Saved entries:
☆ ☆ ☆ ☆ ☆ ☆ ☆
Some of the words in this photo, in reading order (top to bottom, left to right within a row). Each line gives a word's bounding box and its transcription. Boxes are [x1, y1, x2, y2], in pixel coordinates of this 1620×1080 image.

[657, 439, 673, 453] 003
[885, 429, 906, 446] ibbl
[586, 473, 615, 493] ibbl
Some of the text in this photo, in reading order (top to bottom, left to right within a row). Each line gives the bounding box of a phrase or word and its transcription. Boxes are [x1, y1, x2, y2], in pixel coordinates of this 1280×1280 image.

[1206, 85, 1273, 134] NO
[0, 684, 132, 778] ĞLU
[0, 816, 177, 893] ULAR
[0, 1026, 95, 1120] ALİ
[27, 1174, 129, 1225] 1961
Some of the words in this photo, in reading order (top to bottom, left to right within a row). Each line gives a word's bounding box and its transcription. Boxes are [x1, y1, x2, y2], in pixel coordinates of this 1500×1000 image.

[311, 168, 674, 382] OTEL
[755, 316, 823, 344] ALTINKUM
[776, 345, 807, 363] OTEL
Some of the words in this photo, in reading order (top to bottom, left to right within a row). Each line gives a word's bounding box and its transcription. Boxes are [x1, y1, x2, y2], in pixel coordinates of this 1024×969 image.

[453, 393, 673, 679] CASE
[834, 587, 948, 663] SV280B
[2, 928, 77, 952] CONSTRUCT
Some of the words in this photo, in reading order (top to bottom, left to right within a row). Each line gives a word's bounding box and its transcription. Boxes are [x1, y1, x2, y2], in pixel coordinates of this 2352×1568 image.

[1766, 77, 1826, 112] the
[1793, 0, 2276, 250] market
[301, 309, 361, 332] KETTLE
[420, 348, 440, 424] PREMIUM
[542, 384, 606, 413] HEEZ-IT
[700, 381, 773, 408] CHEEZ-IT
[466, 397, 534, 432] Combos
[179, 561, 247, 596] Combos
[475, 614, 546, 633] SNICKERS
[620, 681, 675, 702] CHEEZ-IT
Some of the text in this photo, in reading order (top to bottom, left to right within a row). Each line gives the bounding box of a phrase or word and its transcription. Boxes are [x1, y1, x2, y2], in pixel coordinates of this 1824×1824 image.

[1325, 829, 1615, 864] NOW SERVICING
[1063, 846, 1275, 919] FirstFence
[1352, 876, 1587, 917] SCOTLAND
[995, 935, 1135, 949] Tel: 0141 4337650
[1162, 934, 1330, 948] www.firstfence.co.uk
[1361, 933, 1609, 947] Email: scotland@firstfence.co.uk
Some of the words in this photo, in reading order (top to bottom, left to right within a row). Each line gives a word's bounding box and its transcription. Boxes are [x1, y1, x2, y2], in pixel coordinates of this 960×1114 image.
☆ ☆ ☆ ☆ ☆ ☆ ☆
Copy out each record from above, exactly.

Your response:
Some of the words in this photo, in reading order (top to bottom, left to right within a row). Each line gives a word's bounding box and its transcription. Boxes are [x1, y1, x2, y2], in pixel coordinates of this 1620×1080 image.

[657, 439, 673, 453] 003
[885, 429, 906, 446] ibbl
[586, 473, 615, 493] ibbl
Some of the text in this photo, in reading order (top to bottom, left to right within a row). Each line gives the bounding box of a phrase or word and its transcription. Boxes are [x1, y1, x2, y2], in pixel coordinates of this 1280×1280 image.

[1206, 85, 1273, 134] NO
[0, 684, 132, 778] ĞLU
[0, 816, 177, 893] ULAR
[0, 1026, 95, 1120] ALİ
[27, 1174, 129, 1225] 1961
Some of the words in this photo, in reading order (top to bottom, left to right within a row). Each line gives a word's bounding box and its transcription. Boxes are [x1, y1, x2, y2], in pixel coordinates of this 1500×1000 image.

[311, 168, 674, 382] OTEL
[755, 316, 823, 344] ALTINKUM
[776, 345, 807, 363] OTEL
Some of the words in this photo, in reading order (top to bottom, left to right within a row). Each line gives a word's bounding box and its transcription. Boxes are [x1, y1, x2, y2], in pixel coordinates of this 1024×969 image.

[453, 393, 673, 679] CASE
[834, 587, 948, 663] SV280B
[2, 928, 77, 952] CONSTRUCT
Some of the words in this photo, in reading order (top to bottom, left to right within a row). Each line gives a word's bounding box and its transcription. Boxes are [x1, y1, x2, y2], in pixel coordinates of this 2352×1568 image.

[1766, 77, 1826, 112] the
[1793, 0, 2276, 250] market
[301, 309, 361, 332] KETTLE
[420, 348, 440, 424] PREMIUM
[542, 384, 606, 413] HEEZ-IT
[700, 381, 773, 408] CHEEZ-IT
[466, 397, 534, 432] Combos
[179, 561, 247, 596] Combos
[475, 614, 546, 633] SNICKERS
[620, 681, 675, 702] CHEEZ-IT
Some of the text in this photo, in reading order (top to bottom, left to right within a row). Each line gives the bounding box of a phrase or word and its transcription. Boxes are [x1, y1, x2, y2], in pixel coordinates of this 1824×1824 image.

[1325, 829, 1615, 864] NOW SERVICING
[1063, 846, 1275, 919] FirstFence
[1352, 876, 1587, 917] SCOTLAND
[995, 935, 1135, 949] Tel: 0141 4337650
[1162, 934, 1330, 948] www.firstfence.co.uk
[1361, 933, 1609, 947] Email: scotland@firstfence.co.uk
Some of the words in this photo, in reading order (top to bottom, left to right within a row). Each line gives a word's bounding box and its transcription. Boxes are [x1, y1, x2, y2], in pixel coordinates of this 960×1114 image.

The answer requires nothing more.